3. PICK will provide Customer with international long distance
telecommunications services, which shall be provided pursuant to an agreement
between PICK and GULFSAT Communications Co. ("GULFSAT"), and which shall be
provided to countries listed therein, as available ("SERVICES").
PICK will provide the SERVICES to Customer pursuant to the following:
a. Up to 10,000,000 minutes per month, at ten percent (10%) above
PICKs Cost, which shall be equal to the rates set forth in the GULFSAT
Agreement, plus $0.04 per minute; and,
b. In excess of 10,000,000 minutes per month, at "most favored
nation's" pricing (as compared with pricing for PICK's other carrier customers).
Notwithstanding the foregoing, in no event shall Customer's traffic to
any country in any month exceed fifty percent (50%) of PICK's GULFSAT capacity
for such country.
4. In addition to the foregoing, from the date PICK is providing
service to Customer, exclusive of the GULFSAT Services, which is operational and
successfully completed both as originating traffic and terminating traffic,
Customer shall make available to PICK $500,000 worth of long distance traffic at
preferred rates. Of the amount of said traffic utilized during any one month,
fifty percent (50%) of the cost of such traffic shall be used to offset any
payments due to PICK for the abovementioned GULFSAT traffic during the month of
such traffic being utilized by PICK and the remaining fifty percent (50%) of the
cost of such traffic shall be used to offset any payments due to PICK for the
aforementioned GULFSAT traffic during the month following such traffic being
utilized by PICK.
5. All payments made under this Amendment shall be payable on a weekly
basis and shall be forwarded via wire transfer.

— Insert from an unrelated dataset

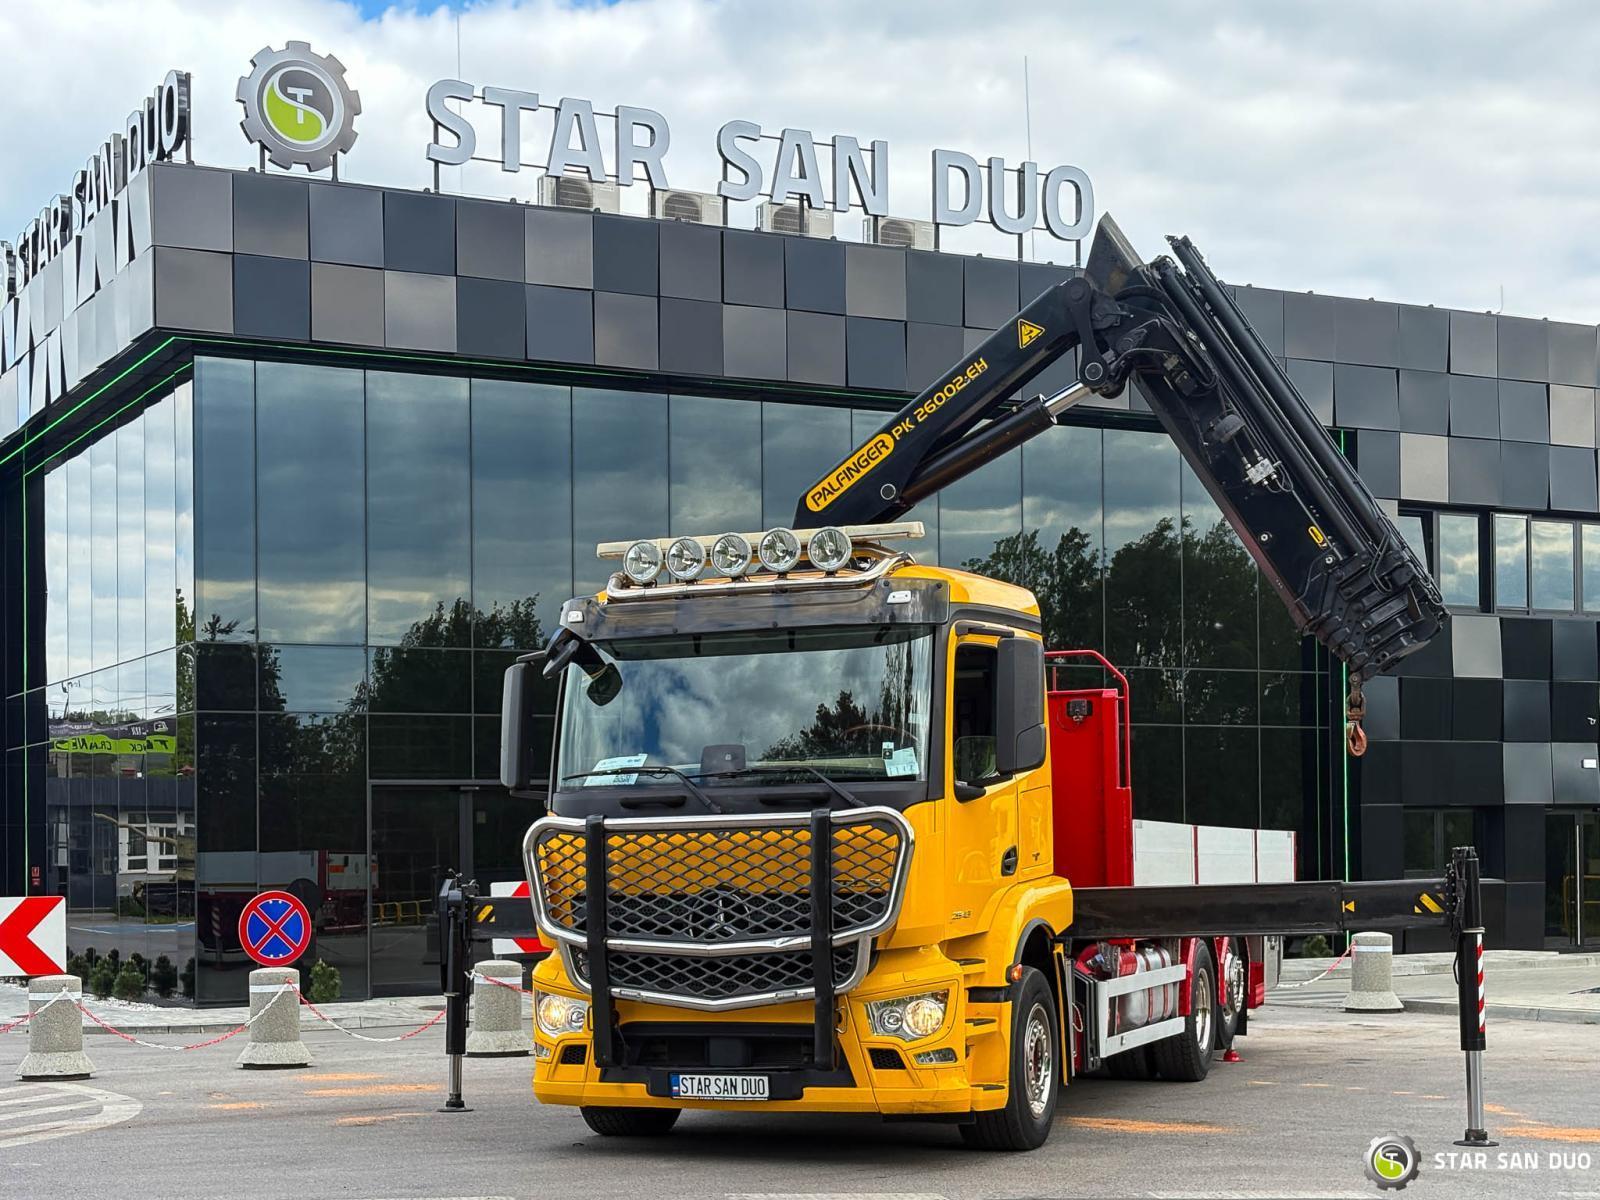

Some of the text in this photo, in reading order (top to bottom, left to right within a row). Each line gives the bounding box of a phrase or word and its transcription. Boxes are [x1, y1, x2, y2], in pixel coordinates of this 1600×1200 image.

6. During the term of this Amendment and thereafter as long as PICK has
an Agreement with GULFSAT, Customer shall not circumvent PICK's contractual
relationship with GULFSAT.
7. All parties hereto represent, warrant and covenant that each is
authorized by its respective Board of Directors to enter into this Amendment and
related Agreement, that entering into this and related Agreements will not
violate any law, or other agreement, and that each is a duly incorporated legal
entity. PICK and PCC shall have the Board of Directors of both corporate
entities ratify the execution of all documents in connection with this
Agreement, within ten (10) days of the effective date of this Agreement. Failure
to do so will result in PICK and PCC's obligation to immediately return any
advances made hereunder.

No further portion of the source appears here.